_Recorded data_.

---*---

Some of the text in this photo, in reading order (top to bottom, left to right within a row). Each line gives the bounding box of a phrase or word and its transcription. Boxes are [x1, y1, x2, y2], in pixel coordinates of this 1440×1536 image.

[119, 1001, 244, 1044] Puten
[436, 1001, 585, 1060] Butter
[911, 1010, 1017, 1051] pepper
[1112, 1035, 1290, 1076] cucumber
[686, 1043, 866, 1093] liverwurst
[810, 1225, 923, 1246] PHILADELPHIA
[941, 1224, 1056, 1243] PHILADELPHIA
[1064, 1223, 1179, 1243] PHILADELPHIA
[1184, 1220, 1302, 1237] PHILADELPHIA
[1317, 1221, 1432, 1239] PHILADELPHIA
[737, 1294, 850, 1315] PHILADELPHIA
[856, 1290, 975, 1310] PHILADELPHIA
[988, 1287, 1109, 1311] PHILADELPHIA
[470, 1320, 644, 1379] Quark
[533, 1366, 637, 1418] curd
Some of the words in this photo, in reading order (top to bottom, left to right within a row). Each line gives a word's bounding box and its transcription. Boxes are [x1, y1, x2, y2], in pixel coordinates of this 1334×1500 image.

---*---

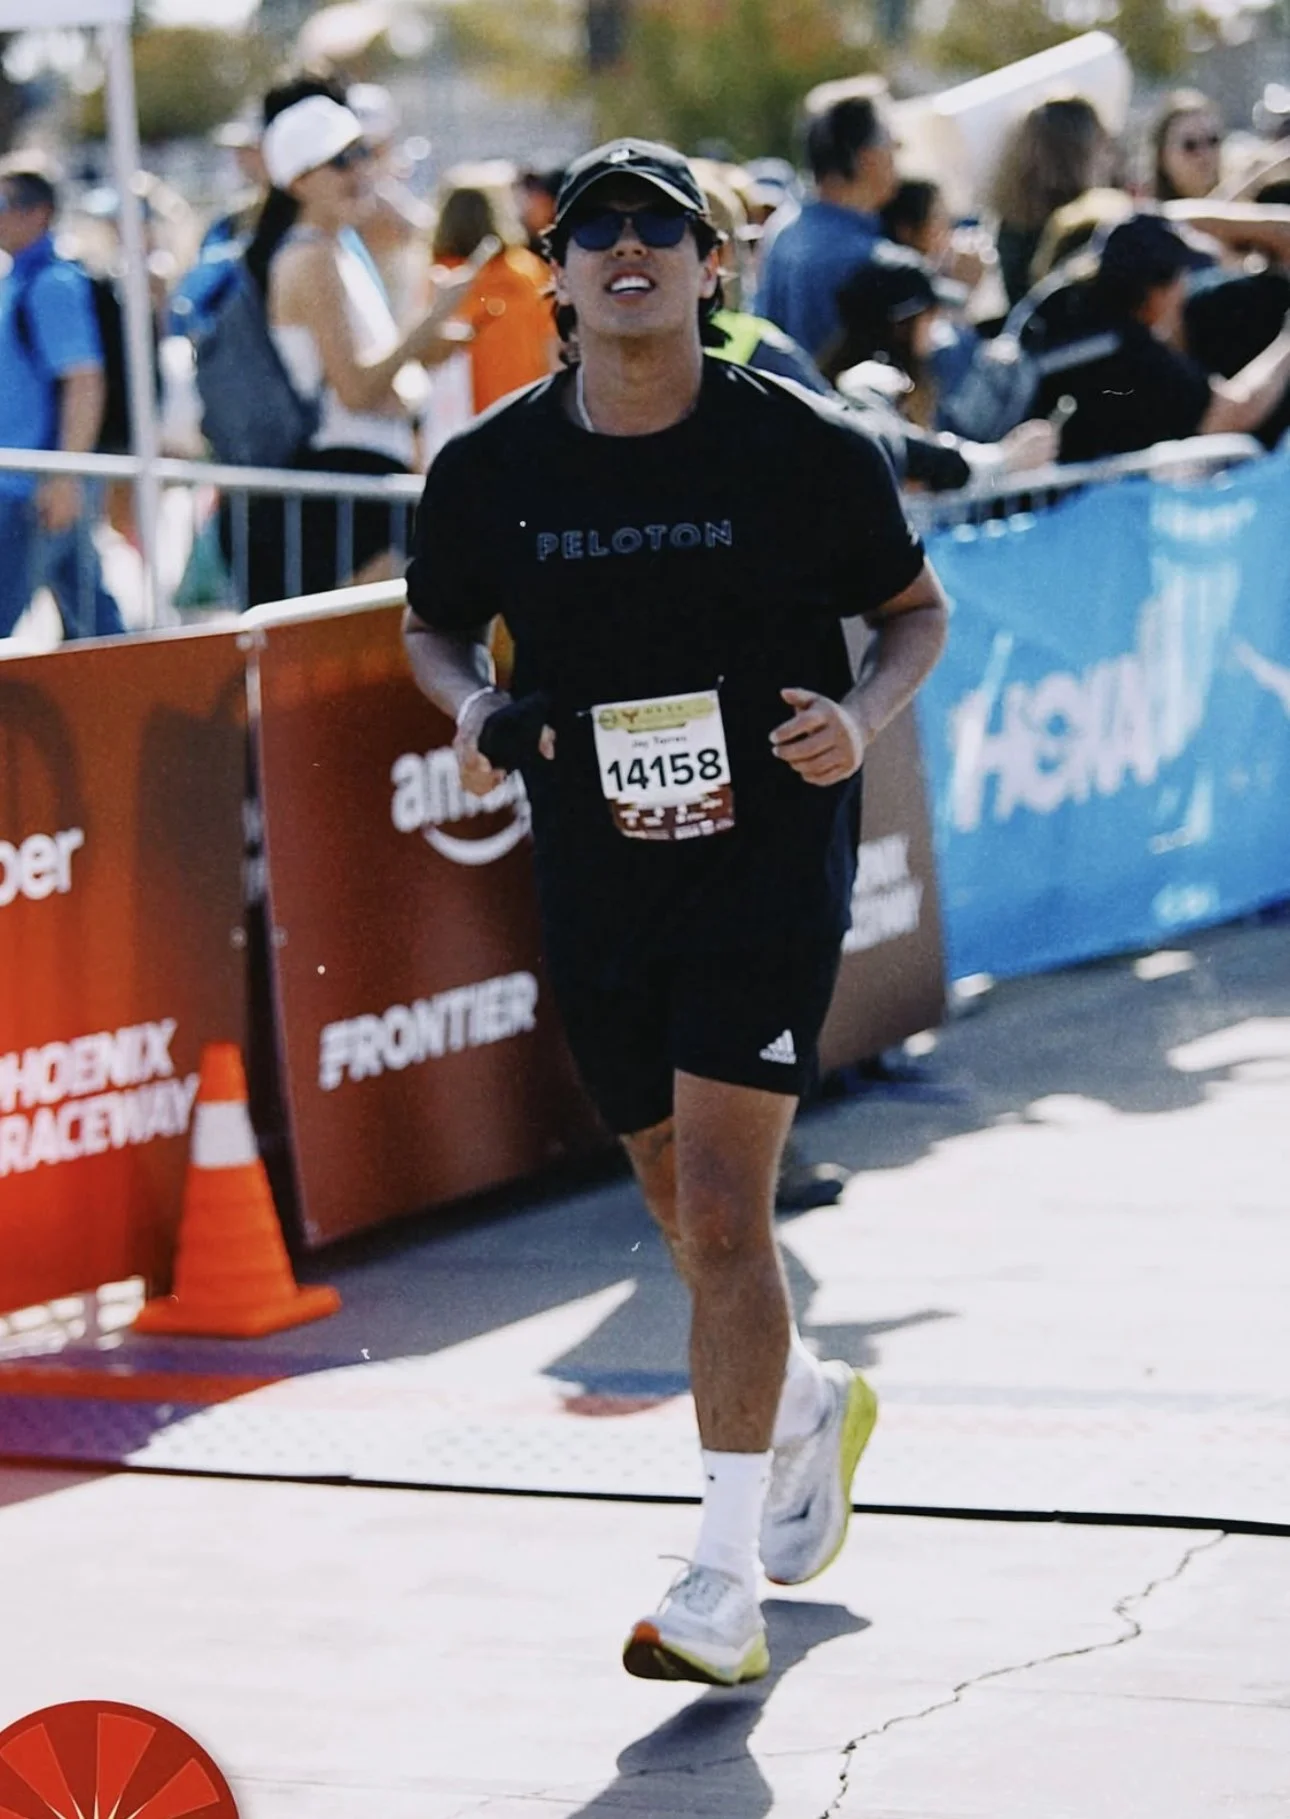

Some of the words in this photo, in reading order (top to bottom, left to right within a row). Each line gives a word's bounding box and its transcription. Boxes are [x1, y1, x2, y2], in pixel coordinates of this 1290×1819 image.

---*---

_Work task_.
Indicate the number of lines in the data above that contain the string "words", without any additional text.

_Result below_.
2